At the time I wrote those comments in 2008, I didn't envision "all species"—by which I meant animal species—could actually extend to all species, including plants. Yes, plants! But, in retrospect, it makes sense if you accept the premise that rights are not the exclusive domain of humans. A logical next step in the animal "rights" crusade is to ascribe "rights" to plants. That's exactly what's happening. Check out Rooting Out the Motive of “Plant Rights” Advocates in The Objective Standard. As Ross England writes:
Now, most readers of this argument will think that the idea of plant rights is silly—indeed, many responders to his article said so. But while Marder’s argument is ridiculous, his goal is serious, dangerous, and not to be ignored. Here we should take the advice of Ellsworth Toohey, villain of The Fountainhead: “Don’t bother to examine a folly—ask yourself only what it accomplishes.”

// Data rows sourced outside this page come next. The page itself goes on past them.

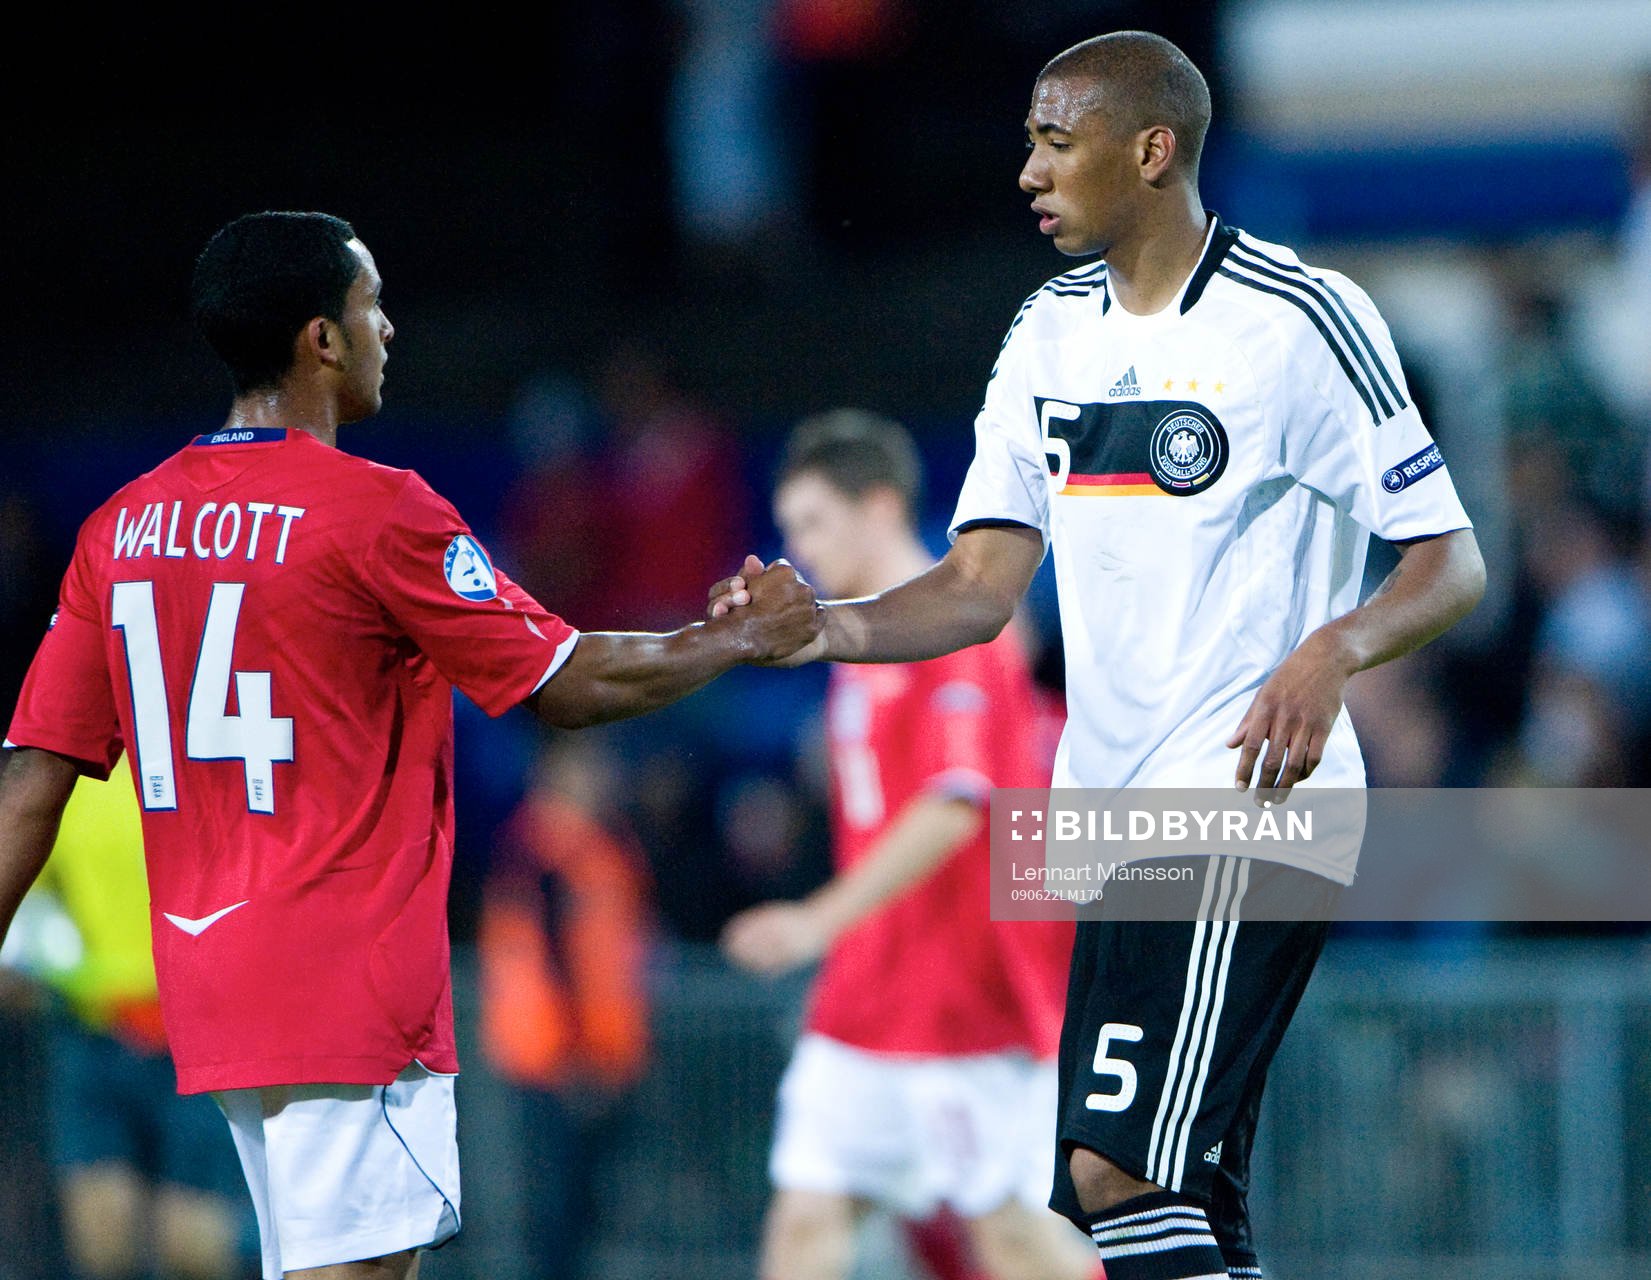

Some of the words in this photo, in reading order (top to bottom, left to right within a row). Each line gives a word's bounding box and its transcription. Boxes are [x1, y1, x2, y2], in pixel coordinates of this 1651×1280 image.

[1108, 386, 1142, 397] adidas
[1166, 418, 1205, 434] DEUTSCHER
[1040, 400, 1081, 494] 5
[113, 500, 306, 565] WALCOTT
[112, 580, 295, 815] 14
[1085, 1023, 1144, 1112] 5
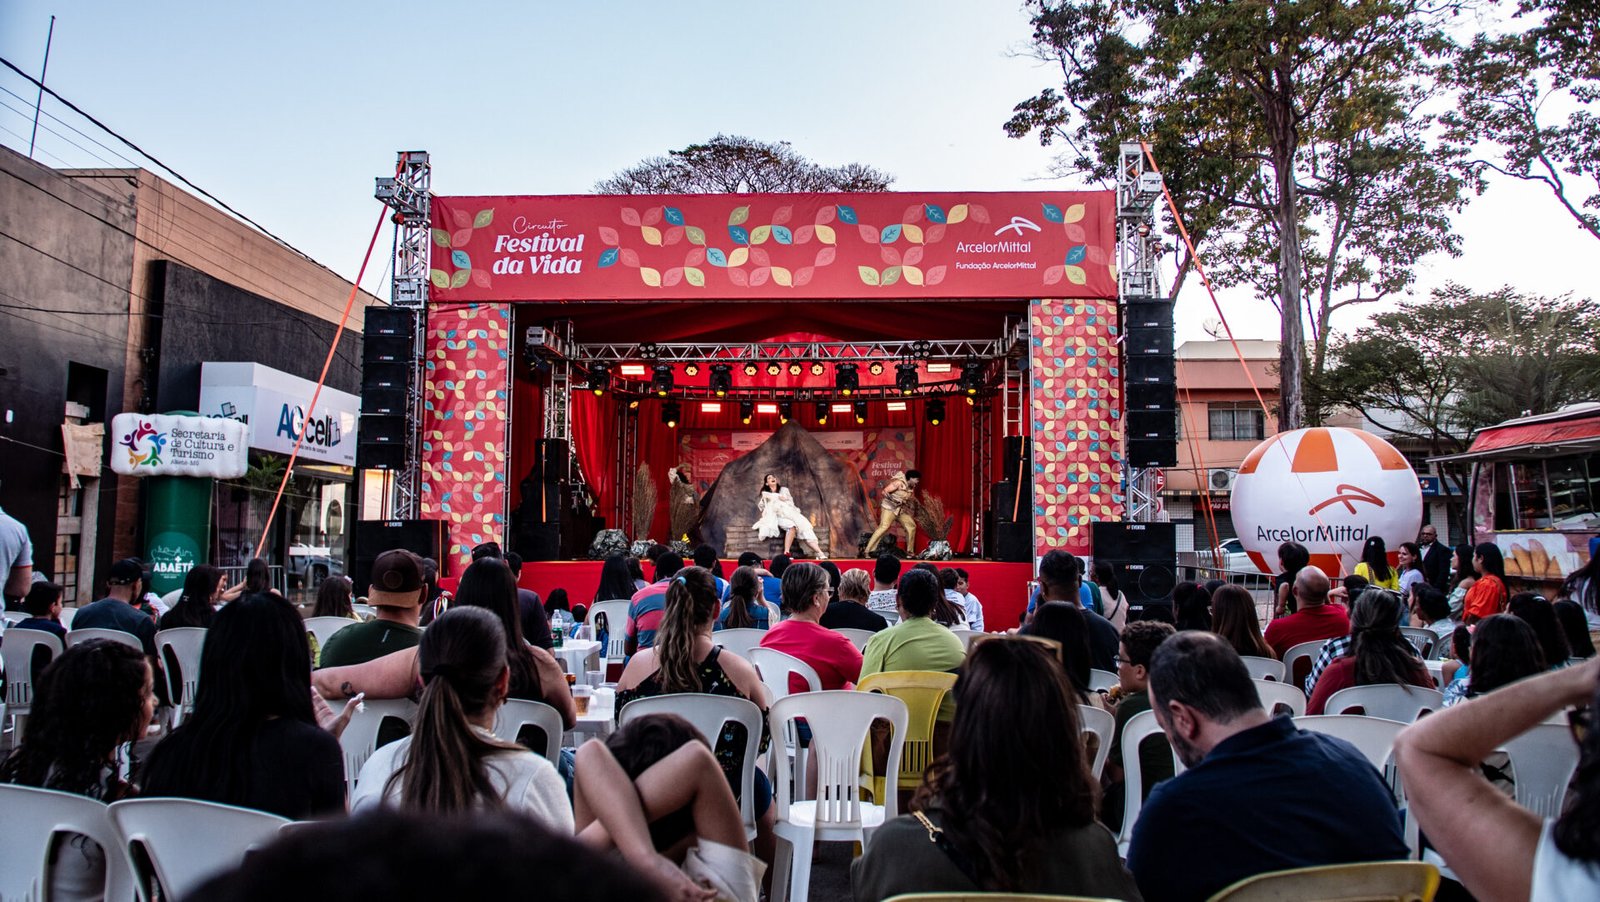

England observes that the not-so-veiled motive of plant "rights" advocates is to stop agricultural biotechnology, also known as genetically modified organisms, or GMOs. But he also recognizes that plant "rights" is part of a broader threat:
Though agricultural biotechnology companies such as Monsanto have enabled the vital production of greater yields of high-quality crops, allowing for cheaper and more widely available food, Marder seeks to curtail these life-promoting values through a sophistical argument for “plant rights.” In so doing, he reveals himself to be no different from scores of other environmentalists who, though they hide behind a veneer of concern for “the environment,” are actually anti-industry and, therefore, are anti-man.
Animal "rights" and Plant "rights" are tools for obfuscating the concept of rights for the purpose of obliterating human rights.